DATA TO PROCESS:
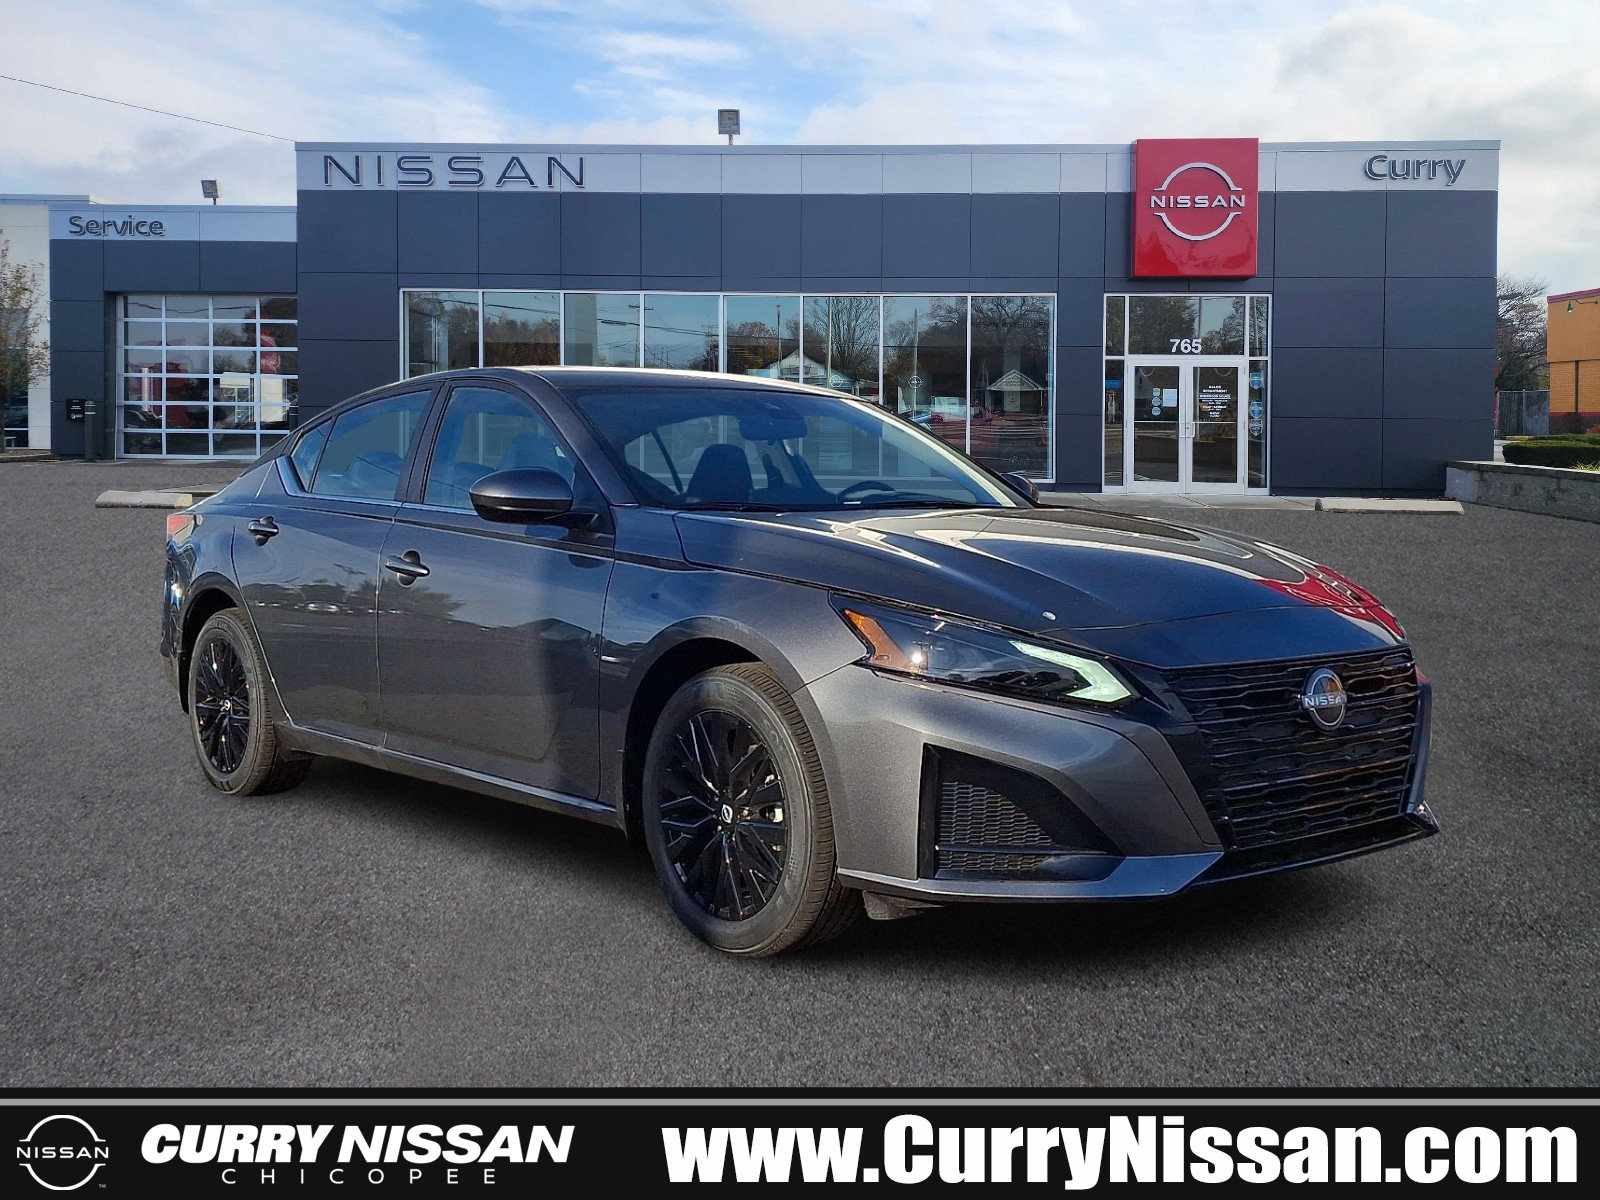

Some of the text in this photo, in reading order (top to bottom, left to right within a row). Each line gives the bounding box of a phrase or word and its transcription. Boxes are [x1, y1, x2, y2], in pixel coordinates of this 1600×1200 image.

[323, 155, 585, 188] NISSAN
[1365, 154, 1467, 186] Curry
[1150, 194, 1246, 208] NISSAN
[68, 214, 165, 236] Service
[1169, 338, 1202, 354] 765

WORK REQUIRED: Return the listing above in full and without alteration, excluding its pictures.

EXPECTED ANSWER:
Some of the text in this photo, in reading order (top to bottom, left to right within a row). Each line gives the bounding box of a phrase or word and its transcription. Boxes are [x1, y1, x2, y2], in pixel coordinates of this 1600×1200 image.

[323, 155, 585, 188] NISSAN
[1365, 154, 1467, 186] Curry
[1150, 194, 1246, 208] NISSAN
[68, 214, 165, 236] Service
[1169, 338, 1202, 354] 765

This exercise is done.